Start of Data in this exercise

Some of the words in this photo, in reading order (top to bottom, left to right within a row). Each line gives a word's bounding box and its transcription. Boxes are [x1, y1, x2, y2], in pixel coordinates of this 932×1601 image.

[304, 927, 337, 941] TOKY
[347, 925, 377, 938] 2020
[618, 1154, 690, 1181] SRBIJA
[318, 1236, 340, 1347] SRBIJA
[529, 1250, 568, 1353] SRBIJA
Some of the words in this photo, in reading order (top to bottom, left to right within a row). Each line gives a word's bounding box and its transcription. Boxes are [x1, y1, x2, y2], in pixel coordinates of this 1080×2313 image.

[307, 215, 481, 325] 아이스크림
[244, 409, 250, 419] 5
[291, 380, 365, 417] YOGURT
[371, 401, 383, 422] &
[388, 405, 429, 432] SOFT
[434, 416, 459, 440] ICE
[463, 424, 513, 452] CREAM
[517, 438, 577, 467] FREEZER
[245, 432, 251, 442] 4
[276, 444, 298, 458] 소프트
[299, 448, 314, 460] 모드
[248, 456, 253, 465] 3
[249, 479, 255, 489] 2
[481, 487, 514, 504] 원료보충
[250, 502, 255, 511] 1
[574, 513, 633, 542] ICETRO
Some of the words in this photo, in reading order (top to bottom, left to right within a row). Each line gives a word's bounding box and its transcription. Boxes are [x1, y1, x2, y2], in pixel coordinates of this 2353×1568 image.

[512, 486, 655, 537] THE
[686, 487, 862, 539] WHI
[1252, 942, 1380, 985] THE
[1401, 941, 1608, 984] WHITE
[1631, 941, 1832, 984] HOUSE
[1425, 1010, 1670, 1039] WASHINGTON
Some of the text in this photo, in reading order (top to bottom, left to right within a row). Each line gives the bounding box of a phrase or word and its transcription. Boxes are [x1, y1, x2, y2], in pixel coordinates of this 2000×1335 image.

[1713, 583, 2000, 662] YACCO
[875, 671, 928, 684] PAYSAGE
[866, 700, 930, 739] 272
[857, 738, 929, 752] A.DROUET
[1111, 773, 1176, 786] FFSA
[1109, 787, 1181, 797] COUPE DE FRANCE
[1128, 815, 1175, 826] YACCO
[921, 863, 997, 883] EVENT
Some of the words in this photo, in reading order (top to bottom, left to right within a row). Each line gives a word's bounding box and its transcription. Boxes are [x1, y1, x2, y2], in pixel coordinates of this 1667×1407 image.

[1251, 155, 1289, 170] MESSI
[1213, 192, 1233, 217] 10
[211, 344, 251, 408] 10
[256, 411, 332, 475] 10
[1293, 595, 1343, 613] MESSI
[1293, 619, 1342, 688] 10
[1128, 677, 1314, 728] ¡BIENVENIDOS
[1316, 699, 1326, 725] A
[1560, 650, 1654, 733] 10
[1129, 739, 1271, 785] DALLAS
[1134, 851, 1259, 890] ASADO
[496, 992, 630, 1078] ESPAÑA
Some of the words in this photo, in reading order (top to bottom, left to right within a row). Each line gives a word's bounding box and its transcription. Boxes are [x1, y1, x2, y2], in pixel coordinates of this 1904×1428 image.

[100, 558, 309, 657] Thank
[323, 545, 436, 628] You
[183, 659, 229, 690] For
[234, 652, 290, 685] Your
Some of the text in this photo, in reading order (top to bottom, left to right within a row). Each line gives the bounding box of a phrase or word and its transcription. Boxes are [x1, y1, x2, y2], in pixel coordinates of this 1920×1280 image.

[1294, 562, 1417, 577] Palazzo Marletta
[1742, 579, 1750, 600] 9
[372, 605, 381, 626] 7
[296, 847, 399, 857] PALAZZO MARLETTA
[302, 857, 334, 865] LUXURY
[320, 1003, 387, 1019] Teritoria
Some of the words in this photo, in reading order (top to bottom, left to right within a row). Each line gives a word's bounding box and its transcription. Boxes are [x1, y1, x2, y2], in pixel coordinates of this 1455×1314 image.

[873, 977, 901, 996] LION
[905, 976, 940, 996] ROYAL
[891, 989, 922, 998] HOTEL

End of Data in this exercise

→ What to produce: Letter for letter, copy all of the entries above.

→ Solution to this task:
Some of the words in this photo, in reading order (top to bottom, left to right within a row). Each line gives a word's bounding box and its transcription. Boxes are [x1, y1, x2, y2], in pixel coordinates of this 932×1601 image.

[304, 927, 337, 941] TOKY
[347, 925, 377, 938] 2020
[618, 1154, 690, 1181] SRBIJA
[318, 1236, 340, 1347] SRBIJA
[529, 1250, 568, 1353] SRBIJA
Some of the words in this photo, in reading order (top to bottom, left to right within a row). Each line gives a word's bounding box and its transcription. Boxes are [x1, y1, x2, y2], in pixel coordinates of this 1080×2313 image.

[307, 215, 481, 325] 아이스크림
[244, 409, 250, 419] 5
[291, 380, 365, 417] YOGURT
[371, 401, 383, 422] &
[388, 405, 429, 432] SOFT
[434, 416, 459, 440] ICE
[463, 424, 513, 452] CREAM
[517, 438, 577, 467] FREEZER
[245, 432, 251, 442] 4
[276, 444, 298, 458] 소프트
[299, 448, 314, 460] 모드
[248, 456, 253, 465] 3
[249, 479, 255, 489] 2
[481, 487, 514, 504] 원료보충
[250, 502, 255, 511] 1
[574, 513, 633, 542] ICETRO
Some of the words in this photo, in reading order (top to bottom, left to right within a row). Each line gives a word's bounding box and its transcription. Boxes are [x1, y1, x2, y2], in pixel coordinates of this 2353×1568 image.

[512, 486, 655, 537] THE
[686, 487, 862, 539] WHI
[1252, 942, 1380, 985] THE
[1401, 941, 1608, 984] WHITE
[1631, 941, 1832, 984] HOUSE
[1425, 1010, 1670, 1039] WASHINGTON
Some of the text in this photo, in reading order (top to bottom, left to right within a row). Each line gives the bounding box of a phrase or word and its transcription. Boxes are [x1, y1, x2, y2], in pixel coordinates of this 2000×1335 image.

[1713, 583, 2000, 662] YACCO
[875, 671, 928, 684] PAYSAGE
[866, 700, 930, 739] 272
[857, 738, 929, 752] A.DROUET
[1111, 773, 1176, 786] FFSA
[1109, 787, 1181, 797] COUPE DE FRANCE
[1128, 815, 1175, 826] YACCO
[921, 863, 997, 883] EVENT
Some of the words in this photo, in reading order (top to bottom, left to right within a row). Each line gives a word's bounding box and its transcription. Boxes are [x1, y1, x2, y2], in pixel coordinates of this 1667×1407 image.

[1251, 155, 1289, 170] MESSI
[1213, 192, 1233, 217] 10
[211, 344, 251, 408] 10
[256, 411, 332, 475] 10
[1293, 595, 1343, 613] MESSI
[1293, 619, 1342, 688] 10
[1128, 677, 1314, 728] ¡BIENVENIDOS
[1316, 699, 1326, 725] A
[1560, 650, 1654, 733] 10
[1129, 739, 1271, 785] DALLAS
[1134, 851, 1259, 890] ASADO
[496, 992, 630, 1078] ESPAÑA
Some of the words in this photo, in reading order (top to bottom, left to right within a row). Each line gives a word's bounding box and its transcription. Boxes are [x1, y1, x2, y2], in pixel coordinates of this 1904×1428 image.

[100, 558, 309, 657] Thank
[323, 545, 436, 628] You
[183, 659, 229, 690] For
[234, 652, 290, 685] Your
Some of the text in this photo, in reading order (top to bottom, left to right within a row). Each line gives the bounding box of a phrase or word and its transcription. Boxes are [x1, y1, x2, y2], in pixel coordinates of this 1920×1280 image.

[1294, 562, 1417, 577] Palazzo Marletta
[1742, 579, 1750, 600] 9
[372, 605, 381, 626] 7
[296, 847, 399, 857] PALAZZO MARLETTA
[302, 857, 334, 865] LUXURY
[320, 1003, 387, 1019] Teritoria
Some of the words in this photo, in reading order (top to bottom, left to right within a row). Each line gives a word's bounding box and its transcription. Boxes are [x1, y1, x2, y2], in pixel coordinates of this 1455×1314 image.

[873, 977, 901, 996] LION
[905, 976, 940, 996] ROYAL
[891, 989, 922, 998] HOTEL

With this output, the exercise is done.